The hedge seems to have grown over a chain-link fence, and there's no gaps anywhere. They all search patiently for a while, but it's pretty obvious they're going to have to climb up and over. The thorns aren't even reasonable--longer than some knives he's had--and they go right through his coat and pants like he's not even fucking wearing them. Mitsuru makes a couple muffled sounds of pain as she climbs, but she keeps going. The hedge seemed like it was only about 8 feet tall when he started, but he knows it's higher than that, because it takes forever to climb. When he reaches the top, he swears in disbelief, because it's a fucking maze and he can see the stairs in the center, but the walls are going to be too high to navigate by sight of that.

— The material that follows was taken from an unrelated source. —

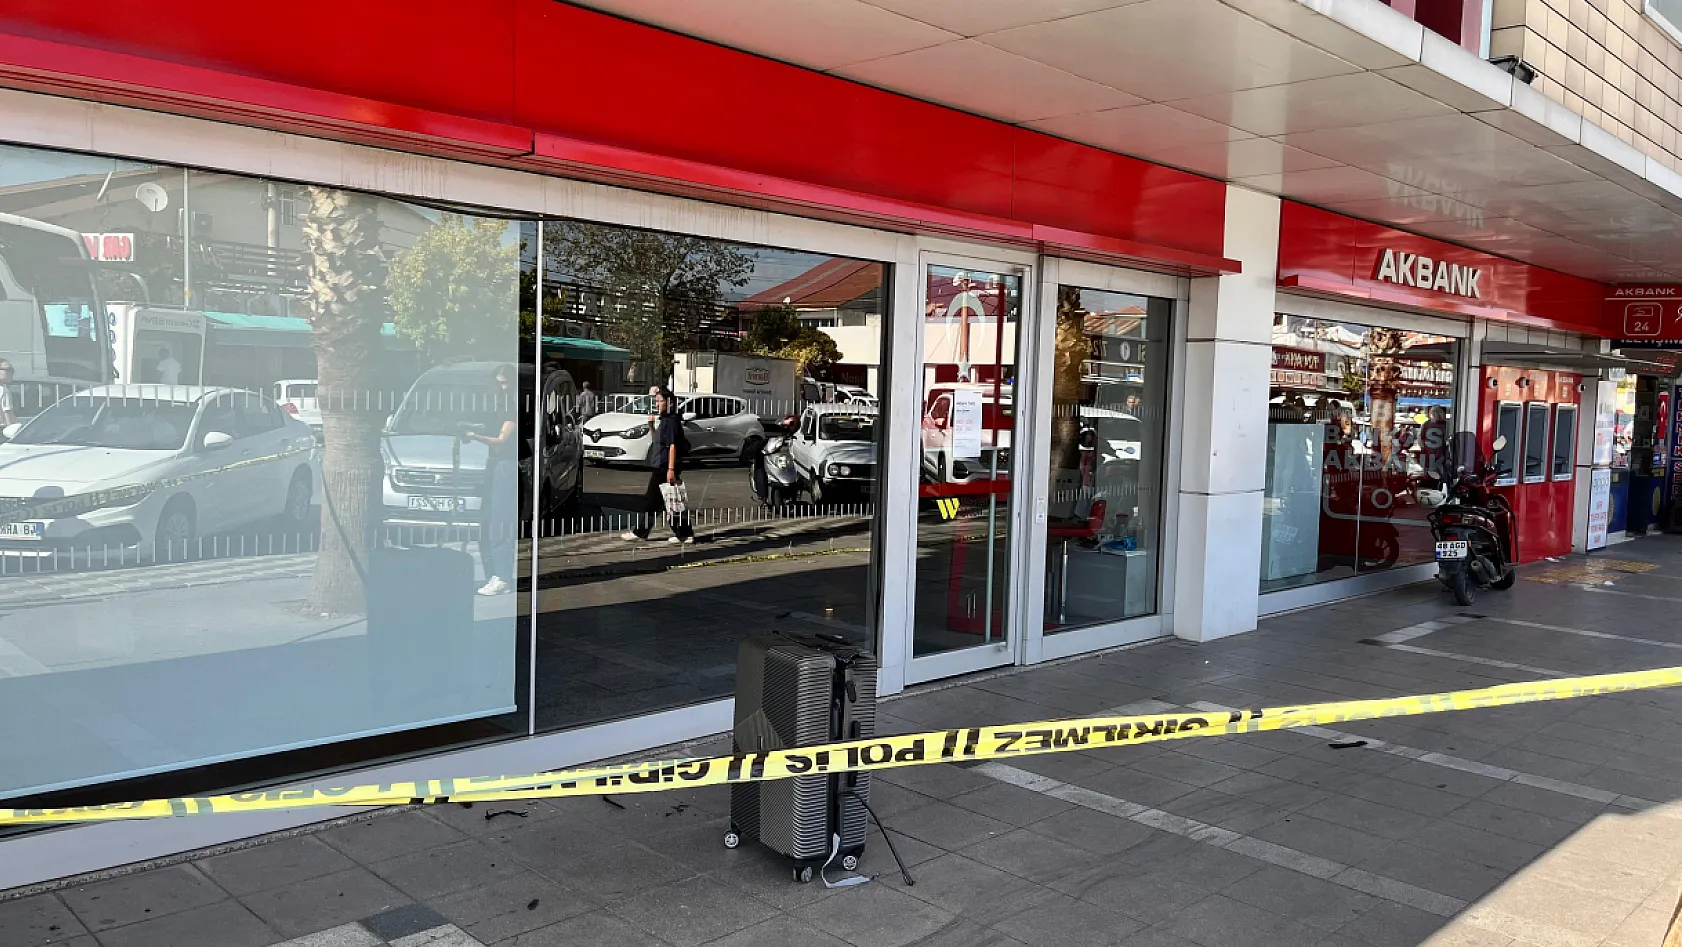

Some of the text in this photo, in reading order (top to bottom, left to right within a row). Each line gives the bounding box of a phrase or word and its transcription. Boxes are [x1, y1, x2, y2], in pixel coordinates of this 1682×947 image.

Mitsuru and Aki join him on top of the hedge, with thorns stabbing into their feet straight through their shoes. Shinjiro tries to ignore it and memorize the maze, but he's seeing double half the time and he can't tell where one path ends and the next begins. At least he doesn't see any Shadows.
"We mustn't falter," Mitsuru says.
"Let's do this," Aki replies. They grin at each other, even hold hands briefly, and then begin the painful climb down.
It's even harder than he thought it would be. They have no way to mark where they've been, and the hedges are fond of lashing out at them and leaving awful gashes. In short order, their clothes are practically destroyed, which is going to be really fucking obnoxious if they have to fight anything. After the first time a hedge nearly springs up between them, they take to holding hands, which slows them down but makes sure they don't get separated. It's only Artemisia's powers that keep them on any kind of track; she can tell where they've been, at least, and they make their painful way forward.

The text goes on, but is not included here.